News in brief

February 16, 2012

United States

Contraceptives cause headaches

A Pennsylvania university has denied that it is encouraging sexual promiscuity among students after gaining international notoriety for allowing contraceptive pills to be sold from a vending machine on its campus. Roger L. Serr, vice-president for student affairs at Shippensburg University, released a statement aimed at correcting "misperceptions" after newspapers worldwide reported on the availability of the emergency contraceptive, Plan B, at the institution. "We are not the first one to make Plan B available, so this is not unique to us or to public higher education," the statement says. "The cost for the medication is paid by the purchasers. No state tax funds or student health fees are used." It adds that the vending machine is in a private room in the health centre that is accessible only to students. "The university is not encouraging anyone to be sexually active," it concludes. "That is a decision each student makes on his or her own."


Sen and social sensibility

The Indian government has announced plans to establish a new research centre and 10 annual fellowships in a bid to improve social sciences research.
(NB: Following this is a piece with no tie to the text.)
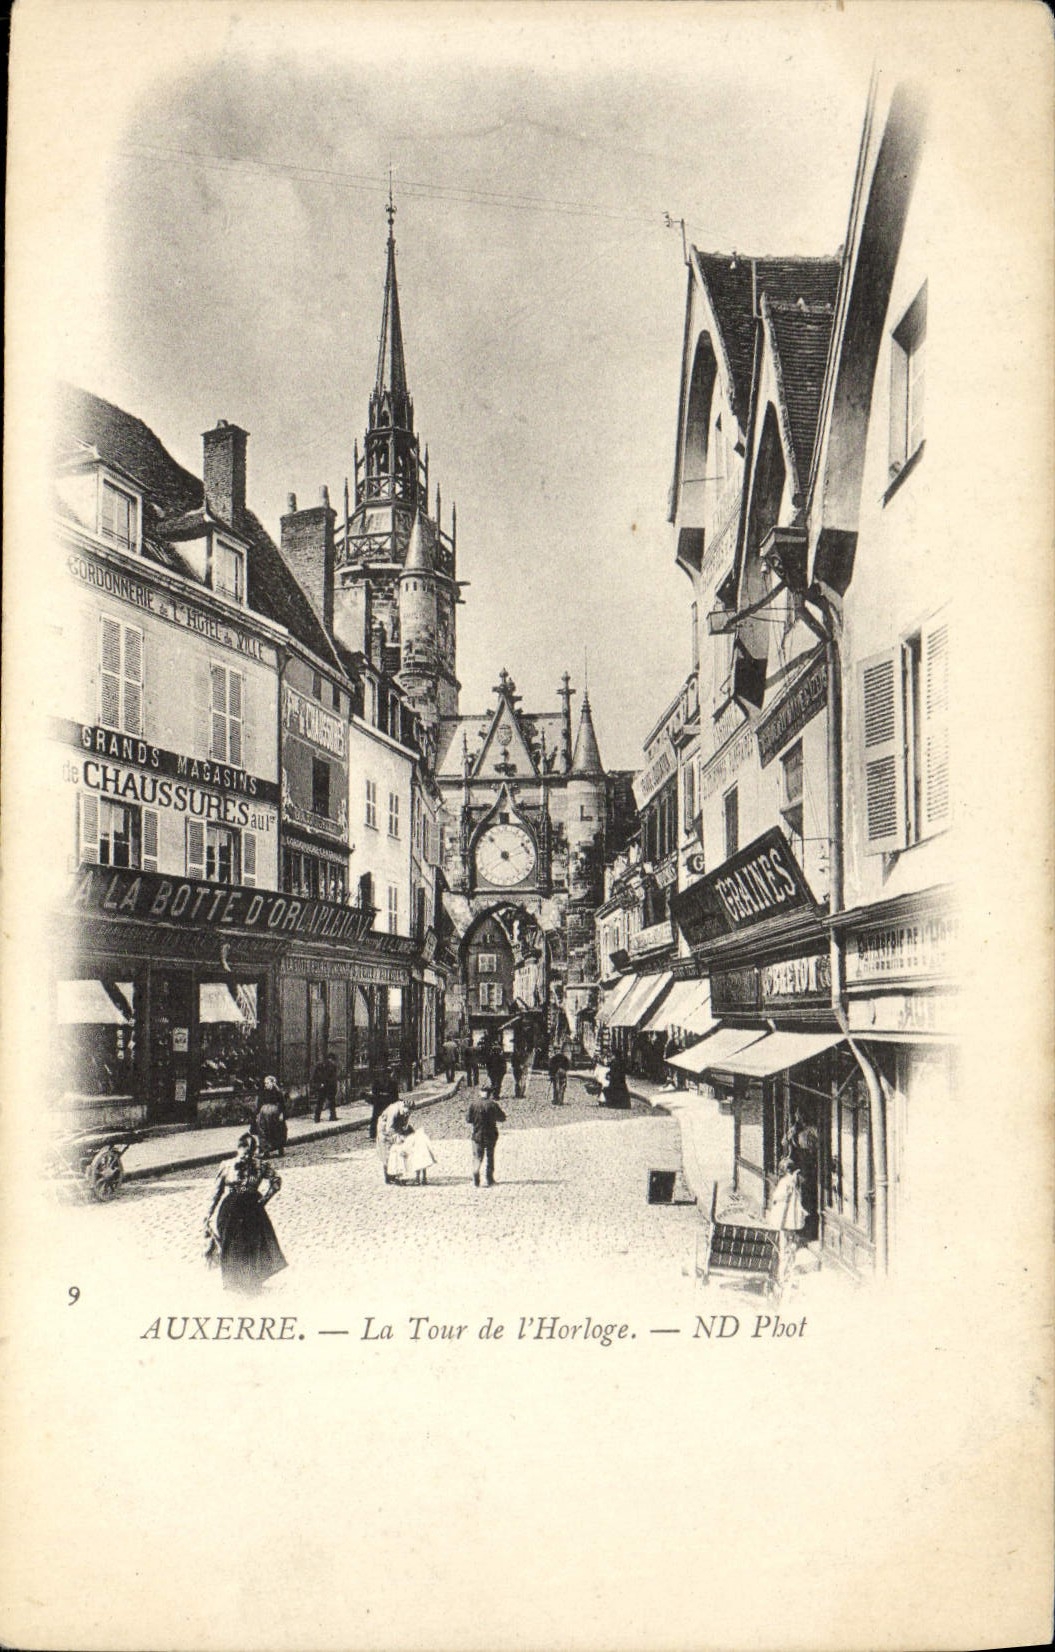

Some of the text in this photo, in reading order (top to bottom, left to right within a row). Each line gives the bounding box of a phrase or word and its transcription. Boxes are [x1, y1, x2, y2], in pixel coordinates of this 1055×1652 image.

The Ministry of Human Resource Development has unveiled a five-point plan for attracting researchers to the field, including 10 Amartya Sen Awards for "advancement of knowledge in social sciences", The Hindu newspaper reported. The Indian Council of Social Science Research has also been asked to set up a social sciences research innovation centre. Kapil Sibal, human resource development minister, said the council would create a network of academics in the field and produce affordable textbooks, digests and manuscripts to aid lecturers and students. It will also develop a fellowship scheme for young scholars pursuing social sciences research.


Success? Just Google it

Google has announced its first formal teaching collaboration with a university. Ecole des Hautes Etudes Commerciales de Paris (HEC), a leading French business school, has announced a partnership with Google France that will see the search-engine giant assist in developing digital entrepreneurs, The New York Times reported. "Google can help us train students to become entrepreneurs in digital business," said HEC director general Bernard Ramanantsoa. The collaboration, Google@HEC, will include lectures, seminars and meetings for students taught by digital entrepreneurs and Google employees. Jean-Marc Tassetto, director general of Google France, said it was the first partnership of its kind. "We are entering a new phase in transformation and cooperation," he said.

United States

Step down then take a chair

A row has broken out over a professorial role handed to an employee of a US university just weeks after she resigned a senior post over an email scandal. Lisa Troyer quit as chief of staff to Michael Hogan, president of the University of Illinois at Urbana-Champaign, after it was alleged that she had sent anonymous emails attempting to influence the decisions of a faculty governing body. Professor Troyer claimed that her computer had been hacked, although The News-Gazette reported that this account had been questioned by others at the institution. Now it has emerged that she has accepted a tenured faculty post at the university with a salary of more than $100,000 (£63,000) a year. A spokeswoman for the university said that Professor Troyer's tenured position had been approved by Urbana-Champaign's board of trustees "shortly after she joined the university".


Best-before date for data flagged

An independent agency should take control of higher education statistics in Australia because current data are produced too slowly and are too vague to allow users to assess how the system is working, a leading policy analyst has claimed. Andrew Norton, programme director of higher education at the Grattan Institute, a public policy thinktank, said the education department issued reports too late to detect emerging trends, The Australian reported. Mr Norton said that at least two major private providers did not report statistics at all. "The demand-driven system is less predictable than it used to be," he said. "We need early warning signs of strange things that might require attention."